Records from a data source:
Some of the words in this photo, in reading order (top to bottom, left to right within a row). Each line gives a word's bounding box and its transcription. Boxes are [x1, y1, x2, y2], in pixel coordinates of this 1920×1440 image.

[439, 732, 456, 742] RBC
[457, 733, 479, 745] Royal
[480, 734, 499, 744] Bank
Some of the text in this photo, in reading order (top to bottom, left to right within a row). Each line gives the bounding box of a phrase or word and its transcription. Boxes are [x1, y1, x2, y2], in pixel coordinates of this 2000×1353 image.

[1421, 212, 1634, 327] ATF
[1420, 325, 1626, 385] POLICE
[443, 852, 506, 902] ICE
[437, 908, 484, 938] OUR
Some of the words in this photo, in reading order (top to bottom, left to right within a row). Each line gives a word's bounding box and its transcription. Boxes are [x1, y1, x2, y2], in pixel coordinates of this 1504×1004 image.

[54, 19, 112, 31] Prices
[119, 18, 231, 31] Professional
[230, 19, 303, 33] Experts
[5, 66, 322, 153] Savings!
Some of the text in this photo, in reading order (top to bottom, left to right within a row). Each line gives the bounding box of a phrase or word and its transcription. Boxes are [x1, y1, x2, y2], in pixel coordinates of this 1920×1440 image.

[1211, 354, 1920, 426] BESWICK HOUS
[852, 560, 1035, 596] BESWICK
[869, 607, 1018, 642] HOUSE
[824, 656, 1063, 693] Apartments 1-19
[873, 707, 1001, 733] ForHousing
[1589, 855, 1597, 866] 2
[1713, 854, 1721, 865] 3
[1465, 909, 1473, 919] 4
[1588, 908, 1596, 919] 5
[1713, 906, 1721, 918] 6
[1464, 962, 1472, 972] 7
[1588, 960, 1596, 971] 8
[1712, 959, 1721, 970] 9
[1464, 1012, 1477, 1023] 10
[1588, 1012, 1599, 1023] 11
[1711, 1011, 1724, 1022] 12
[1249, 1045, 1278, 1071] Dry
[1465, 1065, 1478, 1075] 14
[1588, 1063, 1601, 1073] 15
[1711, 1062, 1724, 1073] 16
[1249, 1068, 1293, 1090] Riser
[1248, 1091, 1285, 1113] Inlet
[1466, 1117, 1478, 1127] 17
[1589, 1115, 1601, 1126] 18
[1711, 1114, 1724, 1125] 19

**Task item**
From the line holding "this 1504×1004 image." to the last line of the data above, copy every line exactly and include nothing more.

**Written response**
Some of the words in this photo, in reading order (top to bottom, left to right within a row). Each line gives a word's bounding box and its transcription. Boxes are [x1, y1, x2, y2], in pixel coordinates of this 1504×1004 image.

[54, 19, 112, 31] Prices
[119, 18, 231, 31] Professional
[230, 19, 303, 33] Experts
[5, 66, 322, 153] Savings!
Some of the text in this photo, in reading order (top to bottom, left to right within a row). Each line gives the bounding box of a phrase or word and its transcription. Boxes are [x1, y1, x2, y2], in pixel coordinates of this 1920×1440 image.

[1211, 354, 1920, 426] BESWICK HOUS
[852, 560, 1035, 596] BESWICK
[869, 607, 1018, 642] HOUSE
[824, 656, 1063, 693] Apartments 1-19
[873, 707, 1001, 733] ForHousing
[1589, 855, 1597, 866] 2
[1713, 854, 1721, 865] 3
[1465, 909, 1473, 919] 4
[1588, 908, 1596, 919] 5
[1713, 906, 1721, 918] 6
[1464, 962, 1472, 972] 7
[1588, 960, 1596, 971] 8
[1712, 959, 1721, 970] 9
[1464, 1012, 1477, 1023] 10
[1588, 1012, 1599, 1023] 11
[1711, 1011, 1724, 1022] 12
[1249, 1045, 1278, 1071] Dry
[1465, 1065, 1478, 1075] 14
[1588, 1063, 1601, 1073] 15
[1711, 1062, 1724, 1073] 16
[1249, 1068, 1293, 1090] Riser
[1248, 1091, 1285, 1113] Inlet
[1466, 1117, 1478, 1127] 17
[1589, 1115, 1601, 1126] 18
[1711, 1114, 1724, 1125] 19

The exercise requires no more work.